> [Material to process]:
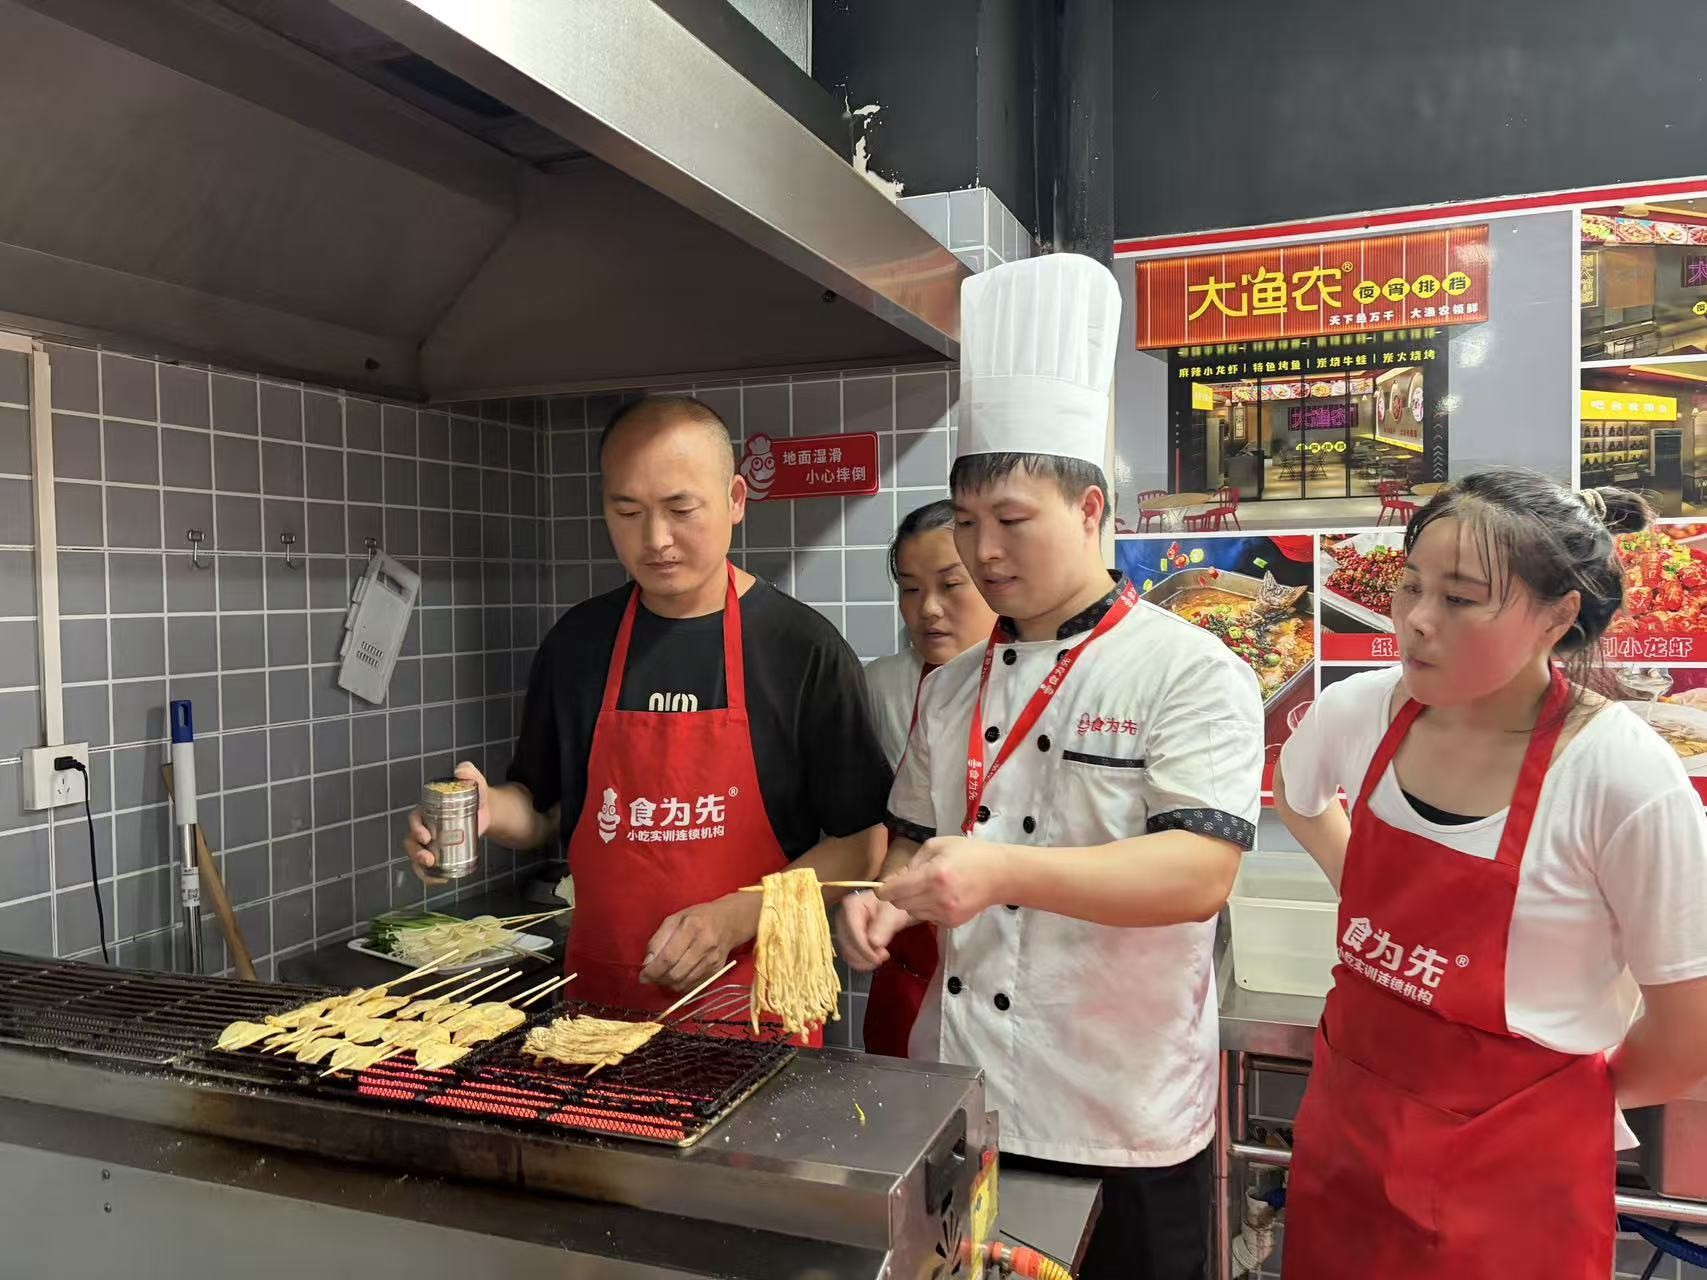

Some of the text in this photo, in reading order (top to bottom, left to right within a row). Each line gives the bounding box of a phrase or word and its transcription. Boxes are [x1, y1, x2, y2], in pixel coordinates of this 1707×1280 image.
==
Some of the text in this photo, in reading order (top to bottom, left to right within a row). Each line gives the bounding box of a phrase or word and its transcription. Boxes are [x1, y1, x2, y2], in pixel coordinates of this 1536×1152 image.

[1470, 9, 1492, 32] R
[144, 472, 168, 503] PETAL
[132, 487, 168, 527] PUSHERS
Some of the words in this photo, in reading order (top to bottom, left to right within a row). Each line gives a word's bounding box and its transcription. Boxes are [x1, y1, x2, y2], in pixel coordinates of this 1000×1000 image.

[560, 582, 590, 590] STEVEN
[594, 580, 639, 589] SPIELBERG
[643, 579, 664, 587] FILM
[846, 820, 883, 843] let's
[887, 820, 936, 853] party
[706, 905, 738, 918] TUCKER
* * *
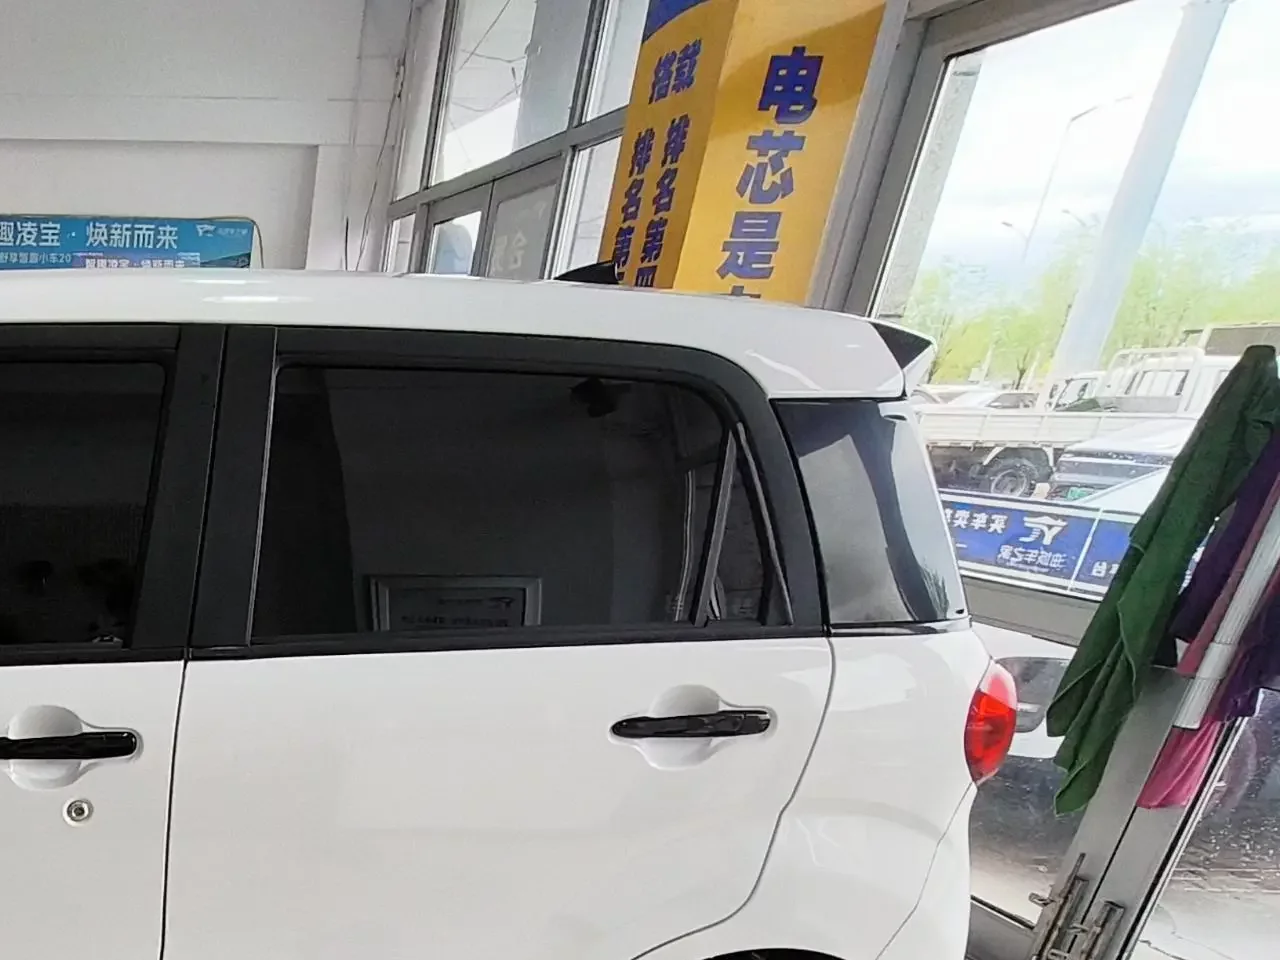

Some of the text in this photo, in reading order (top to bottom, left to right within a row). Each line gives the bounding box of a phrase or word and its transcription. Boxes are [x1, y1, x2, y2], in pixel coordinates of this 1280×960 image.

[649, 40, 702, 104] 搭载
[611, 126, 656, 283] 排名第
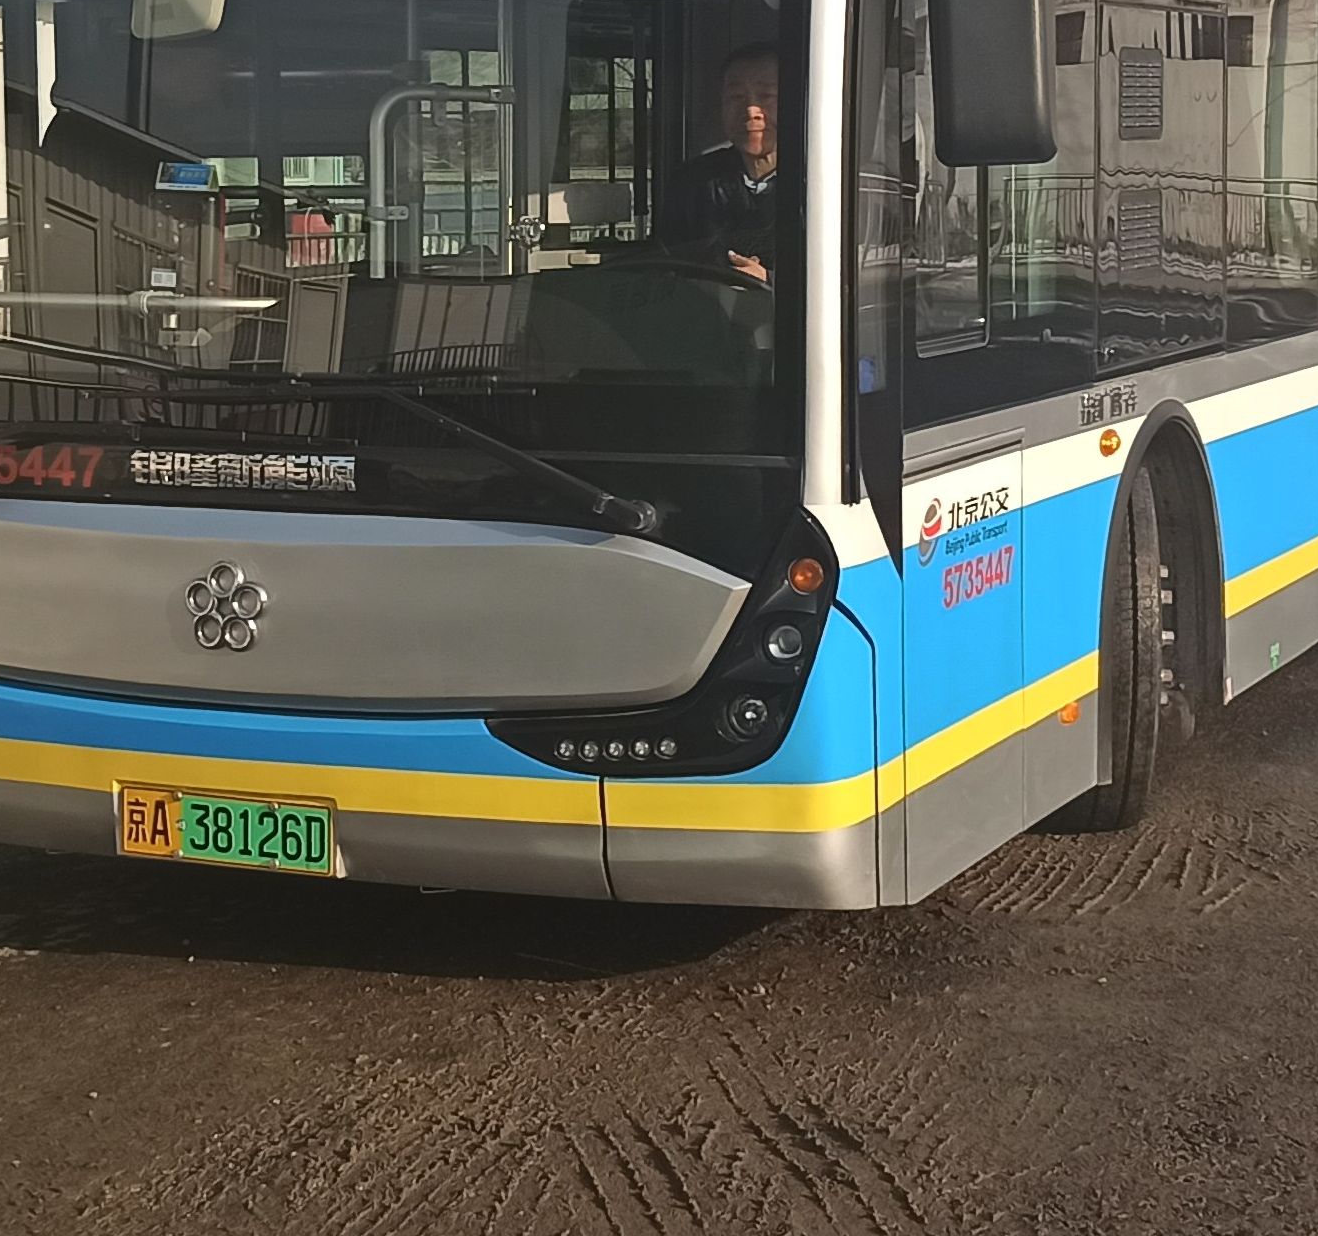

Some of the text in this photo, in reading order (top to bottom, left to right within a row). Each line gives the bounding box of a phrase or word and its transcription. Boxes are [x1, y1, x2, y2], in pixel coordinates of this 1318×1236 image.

> [Task directions]:
What is needed is an exact copy of only the lines above from the one with "this 1280×960 image." to the one with "this 1318×1236 image.", both kept, with every picture left out.

> [Final answer]:
Some of the text in this photo, in reading order (top to bottom, left to right within a row). Each line gives the bounding box of a phrase or word and its transcription. Boxes are [x1, y1, x2, y2], in pixel coordinates of this 1280×960 image.

[649, 40, 702, 104] 搭载
[611, 126, 656, 283] 排名第

Some of the text in this photo, in reading order (top to bottom, left to right within a row). Each line gives the bounding box of a phrase or word and its transcription. Boxes are [x1, y1, x2, y2], in pixel coordinates of this 1318×1236 image.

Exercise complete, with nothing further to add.